عَن أَبِي هُرَيْرَةَ رضي الله عنه :

Dari Abu Hurairah Radhiallahu ‘Anhu

أَنَّ رَسُولَ اللهِ صلى الله عليه وسلم قَالَ : Bahwasanya Rasulullah Shallallahu ‘Alaihi wa Sallam bersabda

مَنْ كَانَ يُؤمِنُ بِاللهِ : Barang siapa yang beriman kepada Allah
             
Yaitu siapa-siapa saja yang beriman dengan keimanan yang benar dan  sempurna kepada Allah ‘Azza wa Jalla.
               
Berkata Syaikh Ismail  bin Muhammad Al  Anshari  Rahimahullah :

يؤمن : الإيمان الكامل المنجي من عذاب الله الموصل إلى رضاه. بالله : أنه الذي خلقه .
   
Yu’minu (mengimani): yaitu iman yang sempurna, yang dapat menyelamatkan dari azab Allah dan dapat menyampaikannya kepada ridhaNya.

Billahi (kepada Allah): yaitu bahwa Dialah yang menciptakannya. (Ar Tuhfah Ar Rabbaniyah, Syarah Hadits No. 15)

وَاليَوْمِ الآخِرِ : dan hari akhir🔸
           
Yaitu beriman kepada hari kiamat dan semua kejadian setelahnya, seperti yaumul al ba’ts(hari dibangkitkan),  yaumul mahsyar (hari dikumpulkan di padang mahsyar), yaumul mizan (hari ditimbangnya amal), yaumul hisab (hari perhitungan amal), dan yaumul jaza (hari pembalasan).
               
Syaikh Ismail Al Anshari mengatakan:

 واليوم الآخر : أنه سيجازى فيه بعمله .
               
Dan hari akhir, yaitu   pada saat itulah amalnya akan diberikan balasan. (Ibid)
               
Sementara Al Hafizh Ibnu Hajar Al ‘Asqalani  Rahimahullah meringkas sebagai berikut:

أَيْ مَنْ آمَنَ بِاَللَّهِ الَّذِي خَلَقَهُ وَآمَنَ بِأَنَّهُ سَيُجَازِيهِ بِعَمَلِهِ فَلْيَفْعَلْ الْخِصَال الْمَذْكُورَات .
             
 Yaitu barang siapa yang beriman kepada Allah yang telah menciptakannya dan beriman bahwa dia akan dibalas karena amalnya, maka kerjakanlah  perbuatan-perbuatan yang disebutkan. (Fathul Bari, 10/446)
 
خَيْرَاً  فَلْيَقُلْ  :
maka hendaknya dia berkata yang baik
           
Ini merupakan perintah (amr) yang menunjukkan kewajiban, sebab huruf lam di dalamnya berfungsi sebagai perintah dan himbauan (Lam lil amr). (lihat Syaikh Ibnu Al ‘Utsaimin, Syarhul Arbain An Nawawiyah, Hal. 168. Mawqi’ Ruh Al Islam)

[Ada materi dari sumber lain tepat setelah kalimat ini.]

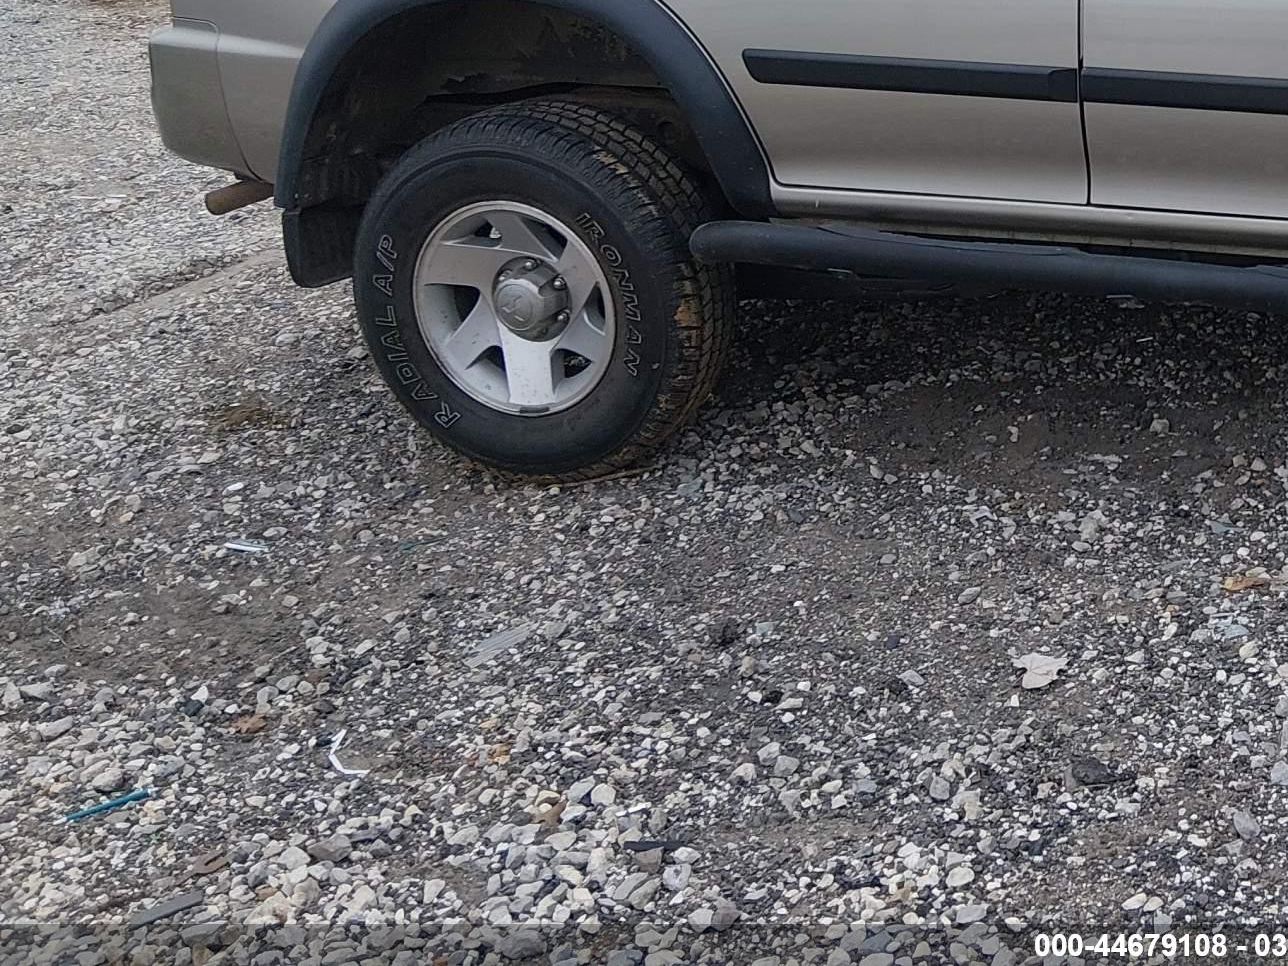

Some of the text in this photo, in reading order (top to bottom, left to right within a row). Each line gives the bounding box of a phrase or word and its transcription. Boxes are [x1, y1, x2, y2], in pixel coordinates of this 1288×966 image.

Oleh karenanya wajib bagi seorang mu’min untuk berkata yang baik-baik, jika tidak mampu berkata baik, maka wajib pula baginya diam.

Hal ini sesuai kaidah: Al Ashlu fil amri lil wujub (hukum dasar dari perintah menunjukkan kewajiban).
               
Syaikh Ismail Al Anshari juga menjelaskan:

هذه اللام لام الأمر ، ويجوز سكونها وكسرها لكونها بعد الفاء
               
Huruf lam di sini adalah lam berfungsi untuk perintah, boleh disukunkan dan dikasrahkan, karena posisinya setelah huruf fa. (At Tuhfah Ar Rabbaniyah, syarah No. 15)
               
Khairan (perkataan yang baik) banyak contohnya; seperti berkata jujur dan benar, berdzikir kepada Allah Ta’ala, amar ma’ruf nahi munkar, menyampaikan ilmu yang bermanfaat, dan semisalnya.

أَو لِيَصْمُتْ :
atau hendaknya dia diam
               
Berkata Imam An Nawawi Rahimahullah:

قَالَ أَهْل اللُّغَة : يُقَال : صَمَتَ يَصْمُت بِضَمِّ الْمِيم صَمْتًا وَصُمُوتًا وَصُمَاتًا أَيْ سَكَتَ
               
Ahli bahasa mengatakan: disebutkan; shamata – yashmutu dengan huruf mim yang didhammahkan, shamtan, shumuutan, shumaatan artinya diam. (Al Minhaj Syarh Shahih Muslim, 1/128)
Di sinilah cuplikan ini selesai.